John Stuart Mill escribió al respecto que: “Pocas criaturas humanas consentirían pasar al estado de uno de los animales más inferiores con la promesa de conseguir el placer de las bestias… Un ser que tiene facultades superiores necesita algo más para ser feliz”.
“Que se haya puesto de moda la felicidad es catastrófico, porque se está diciendo a cada uno que piense en su felicidad psicológica y se rompe la relación de la felicidad pública. Es una vuelta al narcisismo. Se está encerrando a la persona en su felicidad y rompiendo el lazo con la felicidad social. Las propuestas de la psicología positiva son ferozmente reaccionarias y antiéticas. Estamos en una pobreza intelectual y un absoluto colapso del pensamiento crítico” (José Antonio Marina).
La filósofa española Victoria Camps a propósito de la educación escribe: “La contradicción no puede ser mayor. Los mismos padres que tanto cuidado tienen de que sus hijos no sean unos frustrados y que les dan todo lo que les piden consintiéndolos y sobreprotegiéndolos parecen no darse cuenta de que la insatisfacción de todos sus deseos y la creación de una expectativa tras otras, a la larga sólo causará más frustraciones, muchas más de las que derivan de un capricho momentáneo insatisfecho… Lo que los menores esperan de los adultos, aunque no sepan formularlo así, es que les enseñen a ser felices en lugar de consentirles todos los caprichos estúpidos que se les ofrecen”. Y es que cuando los estímulos y ofertas son ilimitadas y todas posibles, todo termina siendo insustancial e irrelevante, todo termina aburriendo. Cuando las cosas no nos cuestan, no tienen importancia.
Vivir una vida con sentido
El neurólogo y psiquiatra judío, Víctor Frankl, sobreviviente de los campos de concentración nazis, enseña que la felicidad es la consecuencia de una vida con sentido, de una plenitud interior que no se ve aplastada por los factores externos, por más duros que sean. Y el sentido lo da un amor grande, valores altos por los que vivir y una vida espiritual. El ser humano, si quiere, es capaz de desprenderse de muchas cosas que lo harán más libre interiormente. Pero no solo es capaz de desprenderse, sino de autotrascenderse, de salir de sí mismo hacia el otro, hacia valores más altos.
Personas que viven según los estándares de “felicidad” del mercado y de la cultura orientada hacia el éxito, muchas veces sienten que la vida no tiene sentido y el vacío existencial los aplasta hasta sentir que la vida es absurda.
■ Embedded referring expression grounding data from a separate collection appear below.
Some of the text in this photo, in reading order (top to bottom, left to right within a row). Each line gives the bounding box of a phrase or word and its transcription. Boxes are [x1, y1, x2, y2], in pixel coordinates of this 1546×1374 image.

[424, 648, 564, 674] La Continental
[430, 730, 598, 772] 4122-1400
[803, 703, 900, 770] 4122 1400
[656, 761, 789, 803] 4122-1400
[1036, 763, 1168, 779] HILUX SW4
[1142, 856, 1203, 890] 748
Solo quienes tienen una razón para vivir, un sentido por el cual dar todo de sí, alcanzan la felicidad. Esto tiene que ver con el amor, con vivir para otros, con entregarse y no tanto con pensar en pasarlo bien. Las personas más felices son personas entregadas a una causa o a otras personas, son personas que incluso en situaciones de gran sufrimiento, pueden sobreponerse y encontrarle sentido a su existencia.
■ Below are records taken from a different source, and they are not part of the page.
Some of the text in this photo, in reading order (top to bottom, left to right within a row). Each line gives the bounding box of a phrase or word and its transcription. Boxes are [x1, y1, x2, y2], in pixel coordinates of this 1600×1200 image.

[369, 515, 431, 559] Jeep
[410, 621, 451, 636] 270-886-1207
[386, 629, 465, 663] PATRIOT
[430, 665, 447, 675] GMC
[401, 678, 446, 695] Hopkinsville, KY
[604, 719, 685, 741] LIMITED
Si como enseña Frankl, la felicidad de las personas tiene más que ver con la voluntad de dar un sentido a la vida, una finalidad, una dirección, más que con pasarlo bien y tener todo lo que se desea, ¿no significa que los padres y educadores deberíamos preocuparnos por enseñarles a nuestros hijos a descubrir un propósito que brinde sentido a sus vidas, en lugar de obsesionarnos con que estén “siempre contentos”?